Despite all appearances, the Reconstruction Acts and their accompanying amendments were nearly worthless. They reflected more political posturing than any commitment to the principles they proclaimed. At the time of the Fifteenth Amendment’s ratification in 1870, half the states that had remained loyal during the Civil War still denied blacks the vote. Several Radical congressmen, such as Charles Sumner, committed as they were to black enfranchisement, refused to support the amendment because they knew it lacked teeth. It failed to ban explicitly state laws that could restrict or even eliminate black suffrage.36 Sumner’s fears and those of his few like-minded colleagues proved to be prophetic.
Every Man Who Voted Was Watched
The Reconstruction Acts did succeed for a time in extending the franchise, mainly through the efforts of blacks who took Congressional Reconstruction far more seriously than Congress did. By the fall of 1867, voter registration drives had signed up more than 90 percent of the eligible black men in every state except Mississippi, where the rate was 83 percent. Although denied the vote themselves, women were crucial to the voting campaign’s success. Preachers exhorted the women in their flock to encourage their men to vote. At election time, women accompanied men to the polls, providing additional protection from threats of ambush. So serious were such threats that few blacks dared to vote alone. In 1868, 100 blacks in Columbia County, Georgia, armed themselves and assembled twelve miles from the county seat before setting out to vote. Black legislator Abram Colby of Greene County organized local blacks into armed companies, marched them to the polls, and carried local elections for the Republicans.37
Figure 5.2. Leading up to the 1868 elections, black voter registration drives signed up more than 90 percent of eligible black men in every state except Mississippi, where the rate was 83 percent. Threats of ambush by white vigilantes were so serious that few blacks dared vote alone. Many formed militias for self-protection. In this scene, armed Georgia freedmen wade a creek on their way to vote in Appling, the seat of Columbia County. Image from Charles Stearns, The Black Man of the South, and the Rebels (1872).
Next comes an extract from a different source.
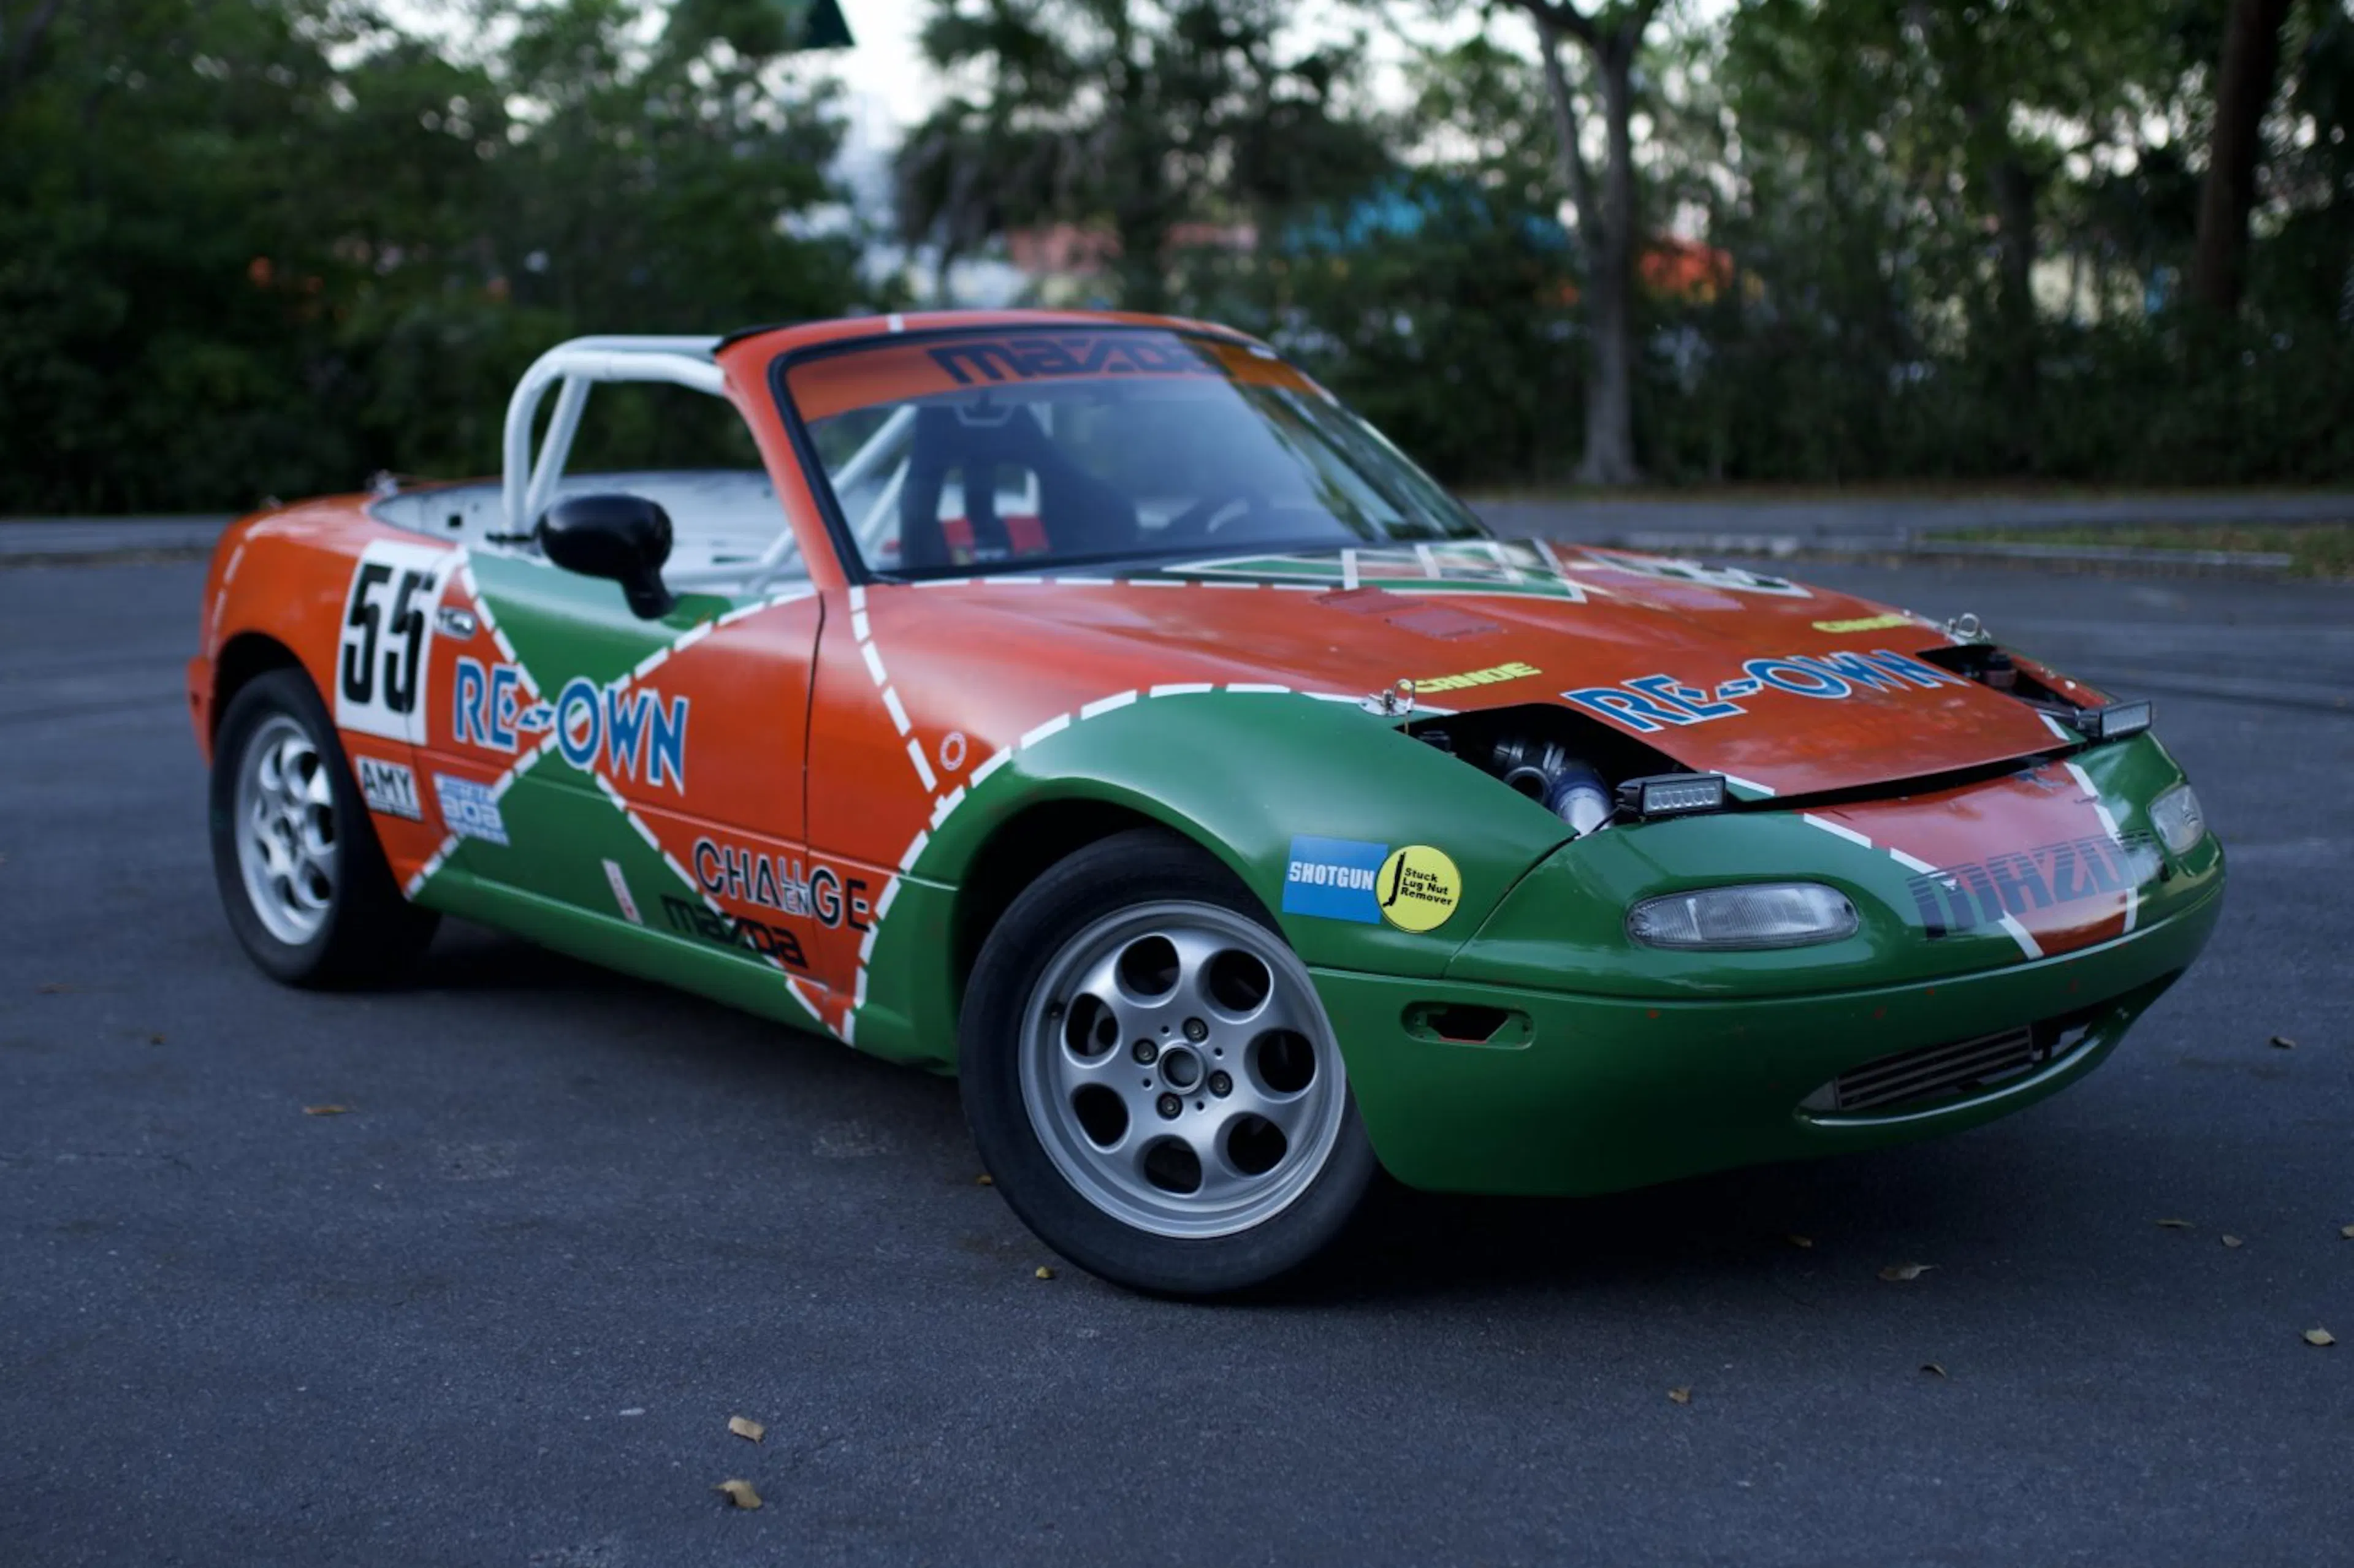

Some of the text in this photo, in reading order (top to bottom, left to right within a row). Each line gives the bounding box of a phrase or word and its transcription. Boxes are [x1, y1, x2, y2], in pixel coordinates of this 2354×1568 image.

Before the end of Reconstruction, about 2,000 blacks would hold public office at the federal, state, and local levels. Two of them, Hiram Revels and Blanche Bruce of Mississippi, won seats in the United States Senate. Fourteen others sat in the House of Representatives. On the whole, black officeholders were not the illiterate field hands that popular misconception long held them to be. Eighty-three percent could read and write. Sixty-four had attended institutions of higher learning. There were 237 ministers and 172 teachers. Nearly 40 percent held real estate and personal property worth up to $1,000. Another 40 percent had more than $1,000 in property, which was quite a sum considering that most urban laborers averaged less than $500 annually, and southern farm workers earned between $10 and $15 a month.38
Despite widespread political activism among blacks, Reconstruction was hardly an era of black political dominance in the South. In no state did blacks control government operations, and nowhere were they represented in proportion to their numbers. Ironically, this was by design of white Republicans who actively courted the white vote at the expense of blacks. So eager were Republican leaders to attract white support that they drew up state constitutions with legislative apportionment favoring white-majority counties. Republican rule, they promised, would be no threat to white supremacy.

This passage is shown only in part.